Imposte

Tamponi esenti in farmacia senza contabilità Iva separata

Dal 1° gennaio si applica il pro-rata di detrazione a monte. Resta la separazione contabile delle attività solo in caso di spazi esterni alla farmacia per erogare i servizi con personale dedicato

Dal 1° gennaio ai tamponi in farmacia si applica l’esenzione Iva ordinaria, con l’applicazione del pro-rata di detrazione a monte. L’opzione per la separazione contabile delle attività non è praticabile, se non in casi molto limitati.

Il 31 dicembre 2022 è infatti cessata l’esenzione Covid-19 con detrazione a monte. Quando il fatturato dei servizi sanitari esenti supera lo 0,5% della cifra d’affari, l’articolo 19, comma 5 del Decreto Iva prevede l’indetraibilità di una corrispondente frazione (pro-rata) dell’Iva sugli acquisti, che diventa un costo con natura di spesa generale (si vedano la circolare n. 9/E/2021 e Cassazione 20435/2021).

Ci si chiede se, per evitare il pro-rata, si possa optare per la separazione contabile dell’attività esente, contabilizzando costi e ricavi dei servizi sanitari separatamente rispetto alla ordinaria gestione della farmacia, ai sensi dell’articolo 36, comma 3 del Decreto Iva.

In passato l’Agenzia esigeva la separazione per codici Ateco; la circolare 19/E/2018 ha poi offerto un’interpretazione evolutiva, basata sui principi Ue, per cui si può optare per la separazione contabile anche nel medesimo codice Ateco.

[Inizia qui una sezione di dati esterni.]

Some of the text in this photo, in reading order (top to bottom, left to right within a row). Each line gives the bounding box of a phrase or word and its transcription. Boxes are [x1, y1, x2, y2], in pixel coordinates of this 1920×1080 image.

La condizione essenziale, tuttavia, resta la presenza strutturale di acquisti di beni e servizi specificamente riferibili alle diverse tipologie di operazioni attive (rispettivamente, imponibili ed esenti) e, per i beni ammortizzabili e i servizi promiscui, la possibilità di determinare - con criteri oggettivi - l’effettiva quota di utilizzo nelle diverse attività. Condizione difficilmente ravvisabile nel caso dei servizi svolti in farmacia.

Anzitutto, i servizi sanitari non sono «autonoma attività», ma rientrano nell’oggetto esclusivo dell’attività delle farmacie (articolo 7, legge 362/91): attività riservata per legge, che incorpora una concessione sanitaria ed è svolta sulla base di un medesimo titolo abilitativo, il diritto di esercizio (articolo 12, legge 475/68). I servizi svolti in farmacia in base al Dlgs 153/2009 non sono infatti un’attività ancillare o distinta, ma rientrano a pieno titolo nell’oggetto tipico della farmacia; anzi, rappresentano un riconoscimento e una valorizzazione della farmacia come presidio sanitario.

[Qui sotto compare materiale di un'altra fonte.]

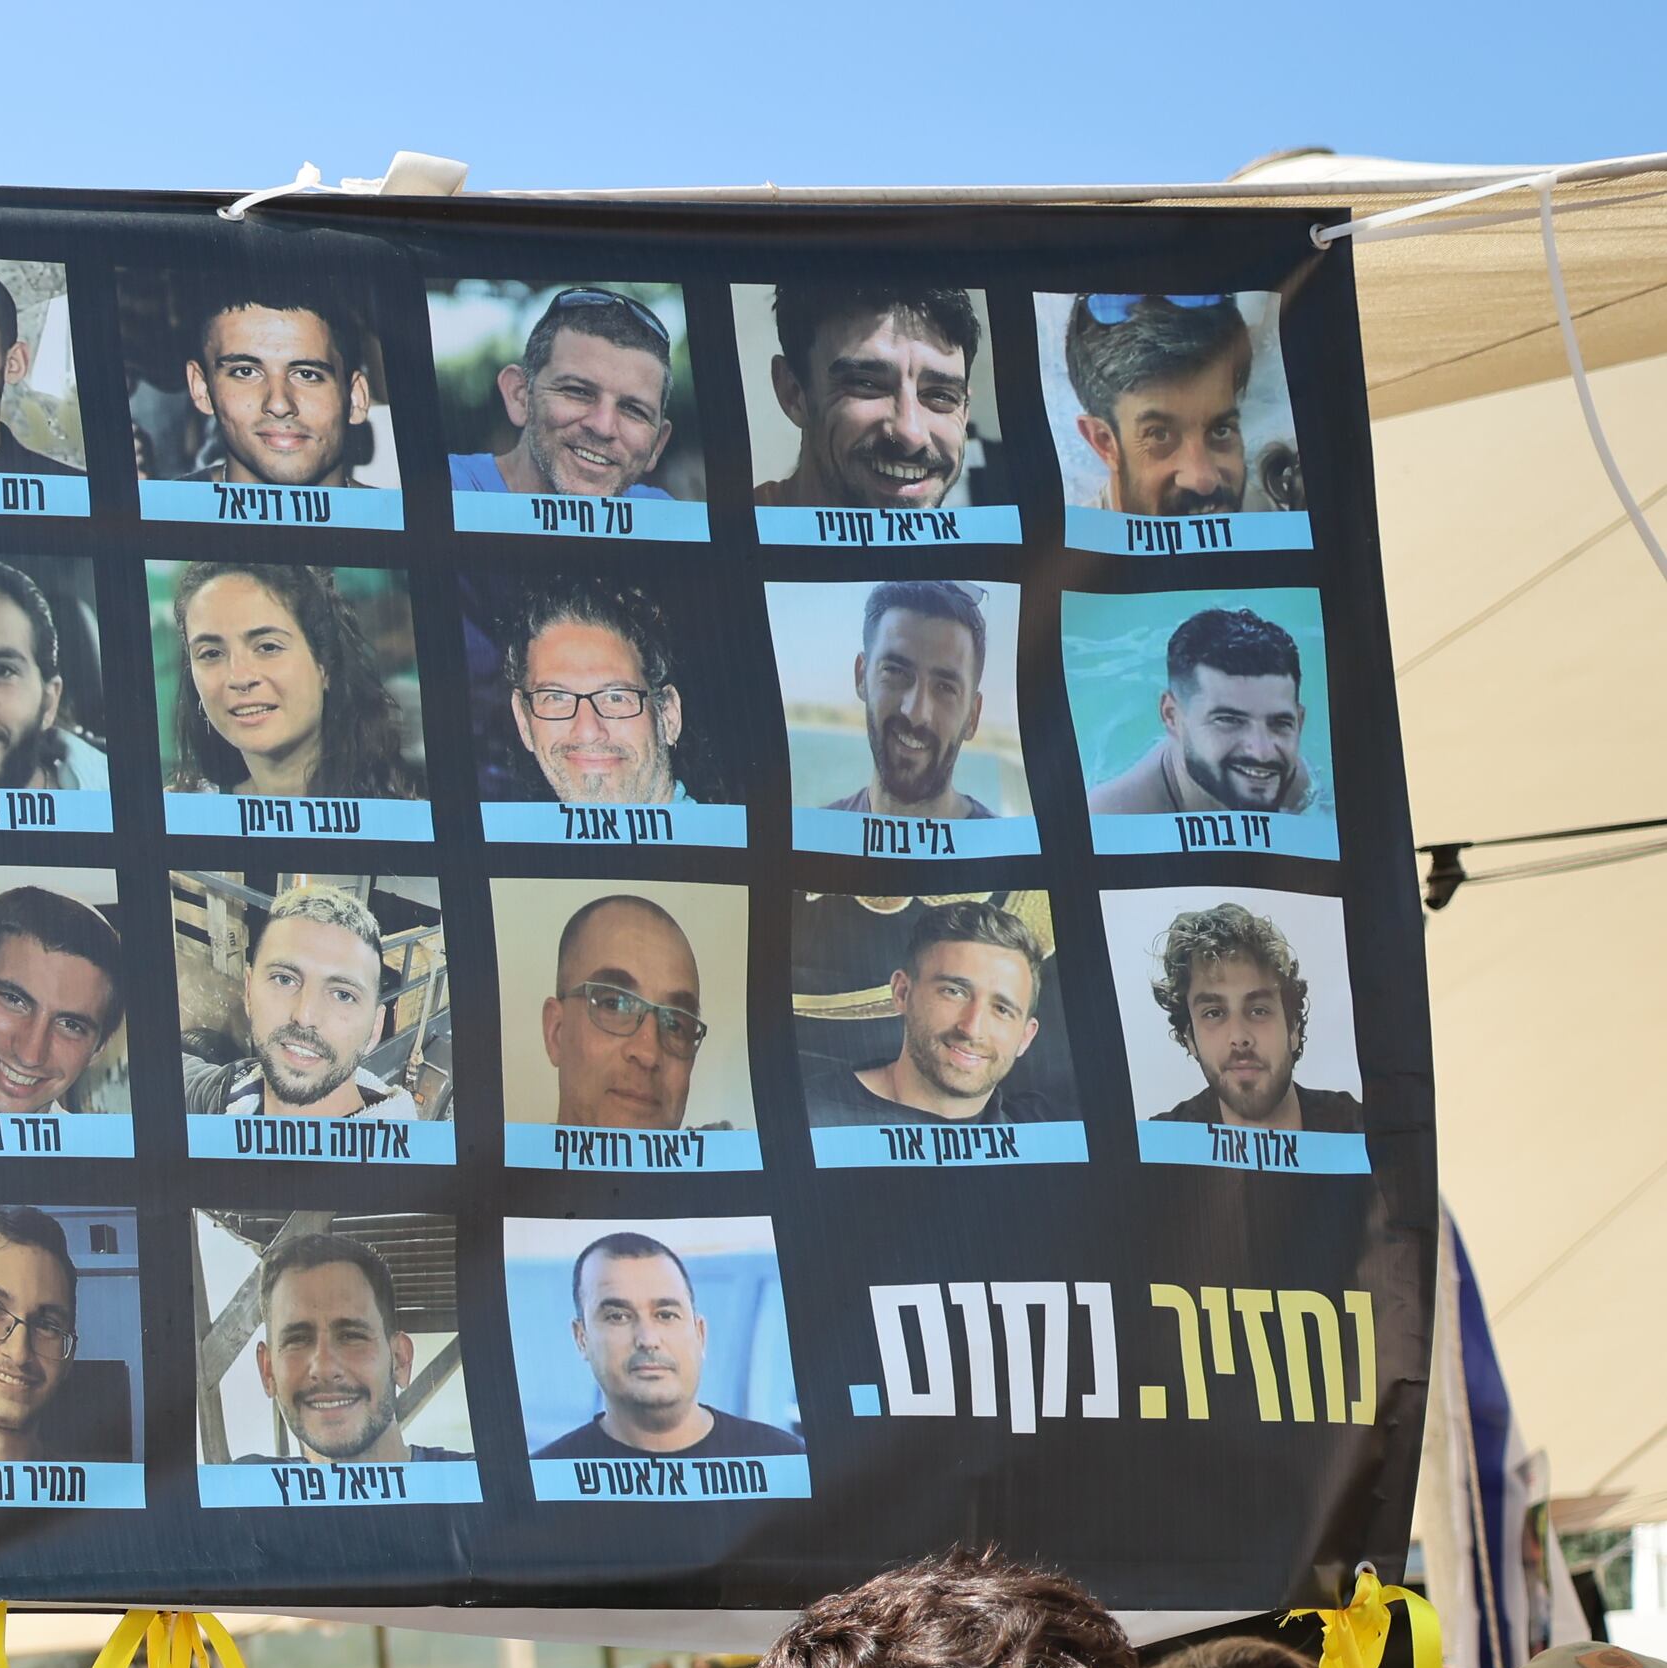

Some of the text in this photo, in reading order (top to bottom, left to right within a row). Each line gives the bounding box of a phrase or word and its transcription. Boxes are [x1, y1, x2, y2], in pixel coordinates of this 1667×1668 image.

[2, 477, 45, 511] רום
[213, 483, 331, 523] עוז דניאל
[531, 496, 633, 534] טל חיימי
[815, 509, 961, 546] אריאל קוניו
[1126, 517, 1233, 553] דוד קוניו
[6, 792, 56, 830] מתן
[237, 798, 361, 836] ענבר הימן
[559, 804, 673, 844] רונן אנגל
[862, 817, 956, 855] גלי ברמן
[1174, 814, 1272, 852] זיו ברמן
[10, 1117, 61, 1152] הדר
[234, 1119, 411, 1162] אלקנה בוחבוט
[554, 1129, 704, 1169] ליאור רודאיף
[879, 1126, 1020, 1165] אבינתן אור
[1207, 1124, 1300, 1169] אלון אהל
[849, 1282, 1377, 1434] נחזיר. נקום.
[22, 1465, 86, 1502] תמיר
[271, 1465, 407, 1506] דניאל פרץ
[574, 1457, 768, 1496] מחמד אלאטרש

Difficile, poi, immaginare la «separazione strutturale»: nella quasi totalità dei casi l’erogazione avviene nei locali della farmacia; i kit e materiali utilizzati per tamponi e vaccini sono dispositivi medici abitualmente commercializzati; il personale addetto è quello della farmacia; persino l’infrastruttura informatica impiegata è la medesima (gestionale interno e sistema Fse). Manca un «criterio oggettivo» per distinguere l’effettiva quota di utilizzo dei beni e servizi promiscui.

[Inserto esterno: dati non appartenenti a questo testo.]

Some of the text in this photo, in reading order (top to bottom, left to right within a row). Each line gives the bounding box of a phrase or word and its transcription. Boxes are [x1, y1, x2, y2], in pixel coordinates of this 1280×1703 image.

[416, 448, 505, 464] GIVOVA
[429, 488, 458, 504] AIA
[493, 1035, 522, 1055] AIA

L’unica ipotesi in cui sussiste la separazione strutturale è quello delle farmacie che, come consente la sentenza n. 2913/2022 del Consiglio di Stato, istituiscono appositi spazi, esterni alla farmacia, per erogare i servizi con personale dedicato. Ma deve trattarsi di locali autorizzati ad hoc, ove abbia luogo solo l’erogazione di servizi sanitari esenti. Fuori da quest’ultima ipotesi, la separazione è decisamente problematica e, in ogni caso, comporta quasi sempre costi e oneri burocratici aggiuntivi, con modesti benefici.